= Rhotacism =

Sound change converting an alveolar consonant to a rhotic consonant

Rhotacism (/ˈroʊtəsɪzəm/ ROH-tə-siz-əm) or rhotacization is a sound change that converts one consonant (usually a voiced alveolar consonant: //z//, //d//, //l//, or //n//) to a rhotic consonant in a certain environment. The most common may be of //z// to //r//. When a dialect or member of a language family resists the change and keeps a //z// sound, this is sometimes known as zetacism.

The term comes from the Greek letter rho, denoting //r//.

==Albanian==
The southern (Tosk) dialects, the base of Standard Albanian, changed //n// to //r//, but the northern (Gheg) dialects did not:
- zëri vs. zâni 'the voice'
- gjuri vs. gjuni 'the knee'
- Shqipëria vs. Shqypnia 'Albania'
- Arbëria vs. Arbënia 'Albania' (older name of the country)
- i djegur vs. i djegun 'burnt'
- druri vs. druni 'wood'
- bëra vs. bona 'did'
- zura vs. zuna 'caught'
- pluhur vs. pluhun 'dust'
- dashuri vs. dashni 'love'

==Aramaic==
In Aramaic, Proto-Semitic n changed to r in a few words:

- bar "son" as compared to Hebrew בֵן ben (from Proto-Semitic *bnu)
- trên and tartên "two" (masculine and feminine form respectively) as compared to South Levantine Arabic تنين tnēn and تنتين tintēn, from Proto-Semitic *ṯnaimi and *ṯnataimi. Compare also Aramaic tinyânâ "the second one", without the shift.

==Basque==
Aquitanian *l changed to the tapped r between vowels in Basque. It can be observed in words borrowed from Latin; for example, Latin caelum (meaning "sky, heaven") became zeru in Basque (caelum > celu > zeru; compare cielo in Spanish). The original l is preserved in the Souletin dialect: caelum > celu > zelü.

==Finnish==
Western dialects of Finnish are characterised by the pronunciation //r// or //ɾ// of the consonant written d in Standard Finnish kahden kesken- kahren kesken (two together = one on one). The reconstructed older pronunciation is /*ð/.

==Goidelic languages==
In Manx, Scottish Gaelic and some dialects of Irish, //n// becomes //r// in a variety of consonant clusters, often with nasalization of the following vowel. For example, the //kn// cluster developed into //kr//, as in Scottish Gaelic cnoc /[krɔ̃xk]/ ‘hill’. Within Ireland, this phenomenon is most prevalent in northern dialects and absent from the most southern dialects. Some examples of rhotacized clusters include //kn// (cnó), //mn// (mná), //ɡn// (gnó), and //tn// (tnáith), while //sn// (snámh) is never rhotacized even in the most innovative dialects. This can lead to interesting pairs such as nominative an sneachta //ə ˈʃnʲæːxt̪ˠə// versus genitive an tsneachta //ə ˈt̪ɾʲæːxt̪ˠə//.

==Germanic languages==

All surviving Germanic languages, which are members of the North and West Germanic families, changed //z// to //r//, implying a more approximant-like rhotic consonant in Proto-Germanic. As attested by runes, the shift affected Old Norse later than the Continental Germanic languages. Some languages later changed all forms to r, but Gothic, an extinct East Germanic language, did not undergo rhotacism.

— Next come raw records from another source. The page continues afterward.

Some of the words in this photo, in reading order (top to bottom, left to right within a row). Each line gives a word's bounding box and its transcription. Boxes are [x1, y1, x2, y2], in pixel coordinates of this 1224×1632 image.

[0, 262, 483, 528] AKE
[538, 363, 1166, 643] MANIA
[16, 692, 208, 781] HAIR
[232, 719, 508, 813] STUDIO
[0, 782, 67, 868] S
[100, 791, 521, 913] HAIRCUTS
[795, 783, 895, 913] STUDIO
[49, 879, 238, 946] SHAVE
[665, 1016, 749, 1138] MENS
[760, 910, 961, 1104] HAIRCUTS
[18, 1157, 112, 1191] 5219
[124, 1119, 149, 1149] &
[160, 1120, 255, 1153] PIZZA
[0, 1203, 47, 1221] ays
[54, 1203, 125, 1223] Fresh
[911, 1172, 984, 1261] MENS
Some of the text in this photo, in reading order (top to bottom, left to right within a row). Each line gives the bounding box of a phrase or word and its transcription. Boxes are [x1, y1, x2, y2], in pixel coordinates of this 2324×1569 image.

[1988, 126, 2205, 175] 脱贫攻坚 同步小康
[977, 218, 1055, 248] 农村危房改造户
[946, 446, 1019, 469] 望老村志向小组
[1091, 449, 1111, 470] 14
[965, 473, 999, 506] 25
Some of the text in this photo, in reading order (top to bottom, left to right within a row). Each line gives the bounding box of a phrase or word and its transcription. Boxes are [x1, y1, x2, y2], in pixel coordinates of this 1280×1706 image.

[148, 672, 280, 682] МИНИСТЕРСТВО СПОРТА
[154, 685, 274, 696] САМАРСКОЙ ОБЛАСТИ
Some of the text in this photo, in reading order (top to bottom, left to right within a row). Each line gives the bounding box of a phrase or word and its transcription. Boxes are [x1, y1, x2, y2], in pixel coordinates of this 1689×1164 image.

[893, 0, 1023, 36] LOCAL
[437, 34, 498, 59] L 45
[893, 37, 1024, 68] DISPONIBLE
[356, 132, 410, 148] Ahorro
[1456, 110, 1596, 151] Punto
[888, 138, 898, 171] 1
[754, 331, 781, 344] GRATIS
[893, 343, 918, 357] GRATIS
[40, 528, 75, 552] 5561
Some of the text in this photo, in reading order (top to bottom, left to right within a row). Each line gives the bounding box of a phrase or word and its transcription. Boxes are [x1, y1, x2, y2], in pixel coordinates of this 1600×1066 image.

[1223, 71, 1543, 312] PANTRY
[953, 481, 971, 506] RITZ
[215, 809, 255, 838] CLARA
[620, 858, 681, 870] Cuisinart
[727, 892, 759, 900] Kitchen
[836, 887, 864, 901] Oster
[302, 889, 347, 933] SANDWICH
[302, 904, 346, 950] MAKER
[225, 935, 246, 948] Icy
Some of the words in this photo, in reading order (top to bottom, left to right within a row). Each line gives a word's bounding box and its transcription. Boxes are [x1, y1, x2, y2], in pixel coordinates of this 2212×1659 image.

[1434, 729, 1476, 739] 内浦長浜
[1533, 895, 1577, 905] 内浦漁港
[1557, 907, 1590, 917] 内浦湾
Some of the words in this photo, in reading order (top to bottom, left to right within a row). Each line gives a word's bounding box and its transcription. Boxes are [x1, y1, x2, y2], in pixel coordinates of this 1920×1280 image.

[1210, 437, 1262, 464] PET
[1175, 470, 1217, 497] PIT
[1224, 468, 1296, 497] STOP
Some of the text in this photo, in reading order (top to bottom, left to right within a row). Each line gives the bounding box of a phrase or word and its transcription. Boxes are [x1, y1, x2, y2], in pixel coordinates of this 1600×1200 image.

| Proto-Germanic | Gothic | Old Norse | (Old English) Modern English | Old Frisian | Dutch | (Old High German) Modern German |
|---|---|---|---|---|---|---|
| *was,^{1st/3rd sg} *wēzum^{1st pl} | was, wēsum | var, várum | (wæs, wǣron) was, were | was, wēren | was, waren | (was, wārum) war, waren |
| *fraleusaną,^{inf} *fraluzanaz^{p.part.} | fraliusan, fralusans | — | (forlēosan, forloren) forlese, forlorn | urliāsa, urlāren | verliezen, verloren | (farliosan, farloren) verlieren, verloren |

Note that the Modern German forms have levelled the rhotic consonant to forms that did not originally have it. However, the original sound can still be seen in some nouns such as Wesen, "being" (from the same root as war/waren) as well as Verlust, "loss" and Verlies, "dungeon" (both from the same root as verlieren/verloren).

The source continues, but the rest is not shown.